Required action:
All lines from the one that mentions "Some of the words" through the last of the entries below must be copied exactly, with both ends kept.

Data to examine:
####

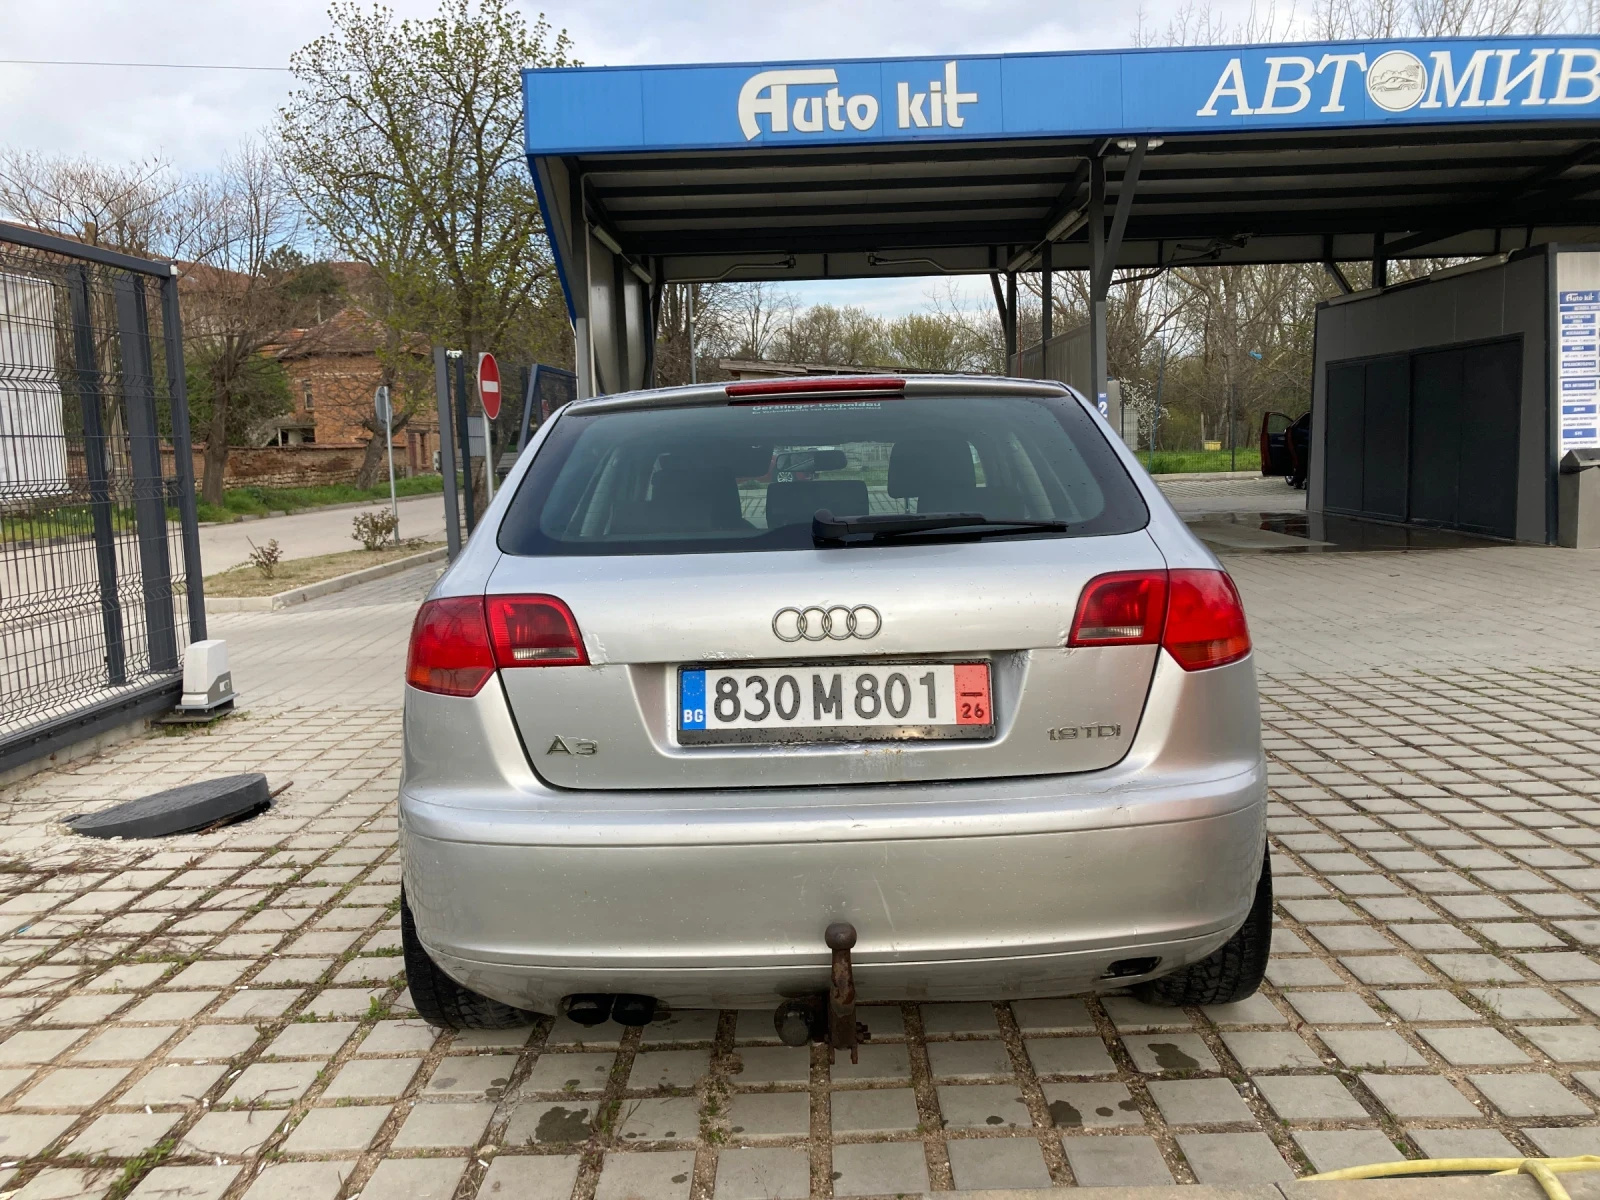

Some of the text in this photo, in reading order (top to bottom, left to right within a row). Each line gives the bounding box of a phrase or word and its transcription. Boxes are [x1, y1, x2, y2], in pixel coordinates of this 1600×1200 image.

[737, 60, 979, 141] Auto kit
[1099, 401, 1108, 418] 2
[714, 671, 937, 722] 830 M 801
[683, 708, 704, 723] BG
[961, 702, 985, 719] 26
[546, 734, 598, 756] A3
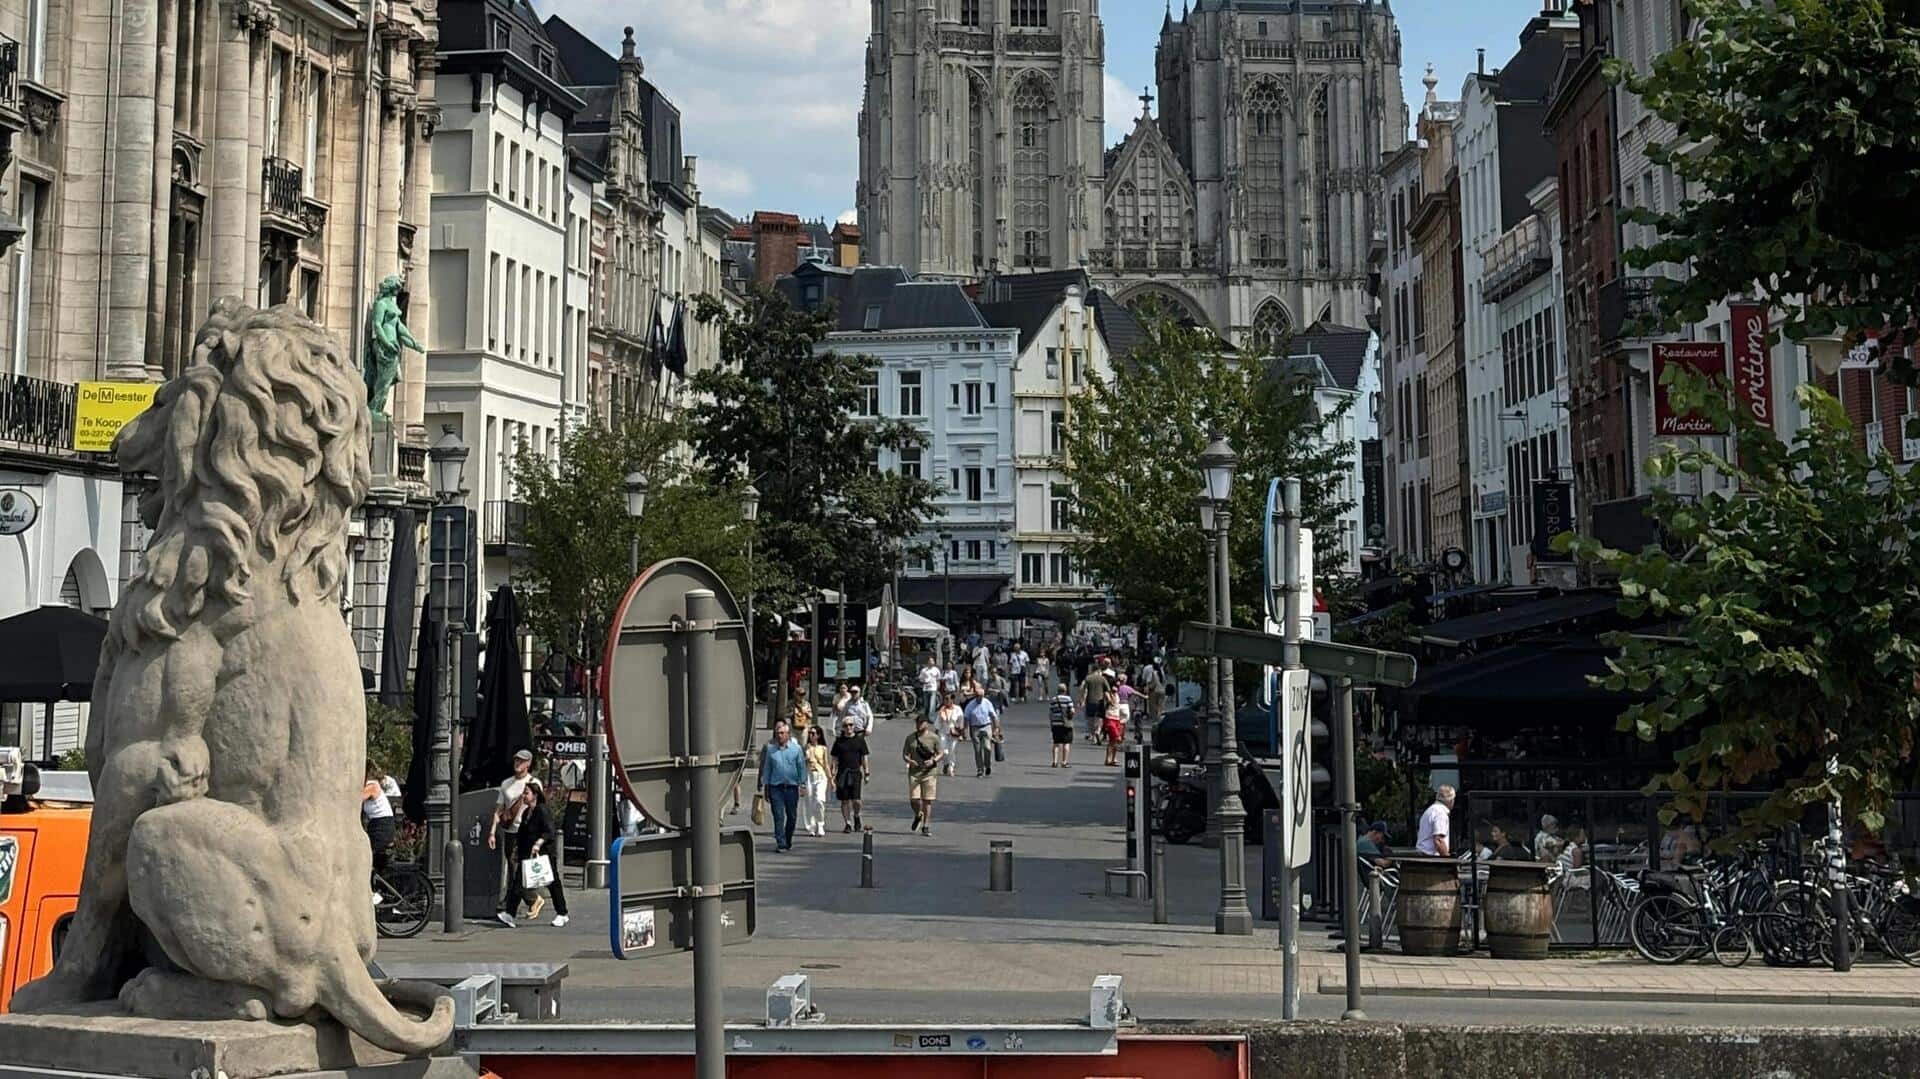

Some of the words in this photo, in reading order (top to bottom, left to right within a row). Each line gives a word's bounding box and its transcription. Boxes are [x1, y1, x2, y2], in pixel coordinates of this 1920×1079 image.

[1657, 344, 1720, 359] Restaurant
[80, 416, 93, 428] Te
[95, 416, 122, 430] Koop
[1662, 416, 1714, 432] Maritim
[921, 1035, 949, 1047] DONE

####

Solution to this problem:
Some of the words in this photo, in reading order (top to bottom, left to right within a row). Each line gives a word's bounding box and its transcription. Boxes are [x1, y1, x2, y2], in pixel coordinates of this 1920×1079 image.

[1657, 344, 1720, 359] Restaurant
[80, 416, 93, 428] Te
[95, 416, 122, 430] Koop
[1662, 416, 1714, 432] Maritim
[921, 1035, 949, 1047] DONE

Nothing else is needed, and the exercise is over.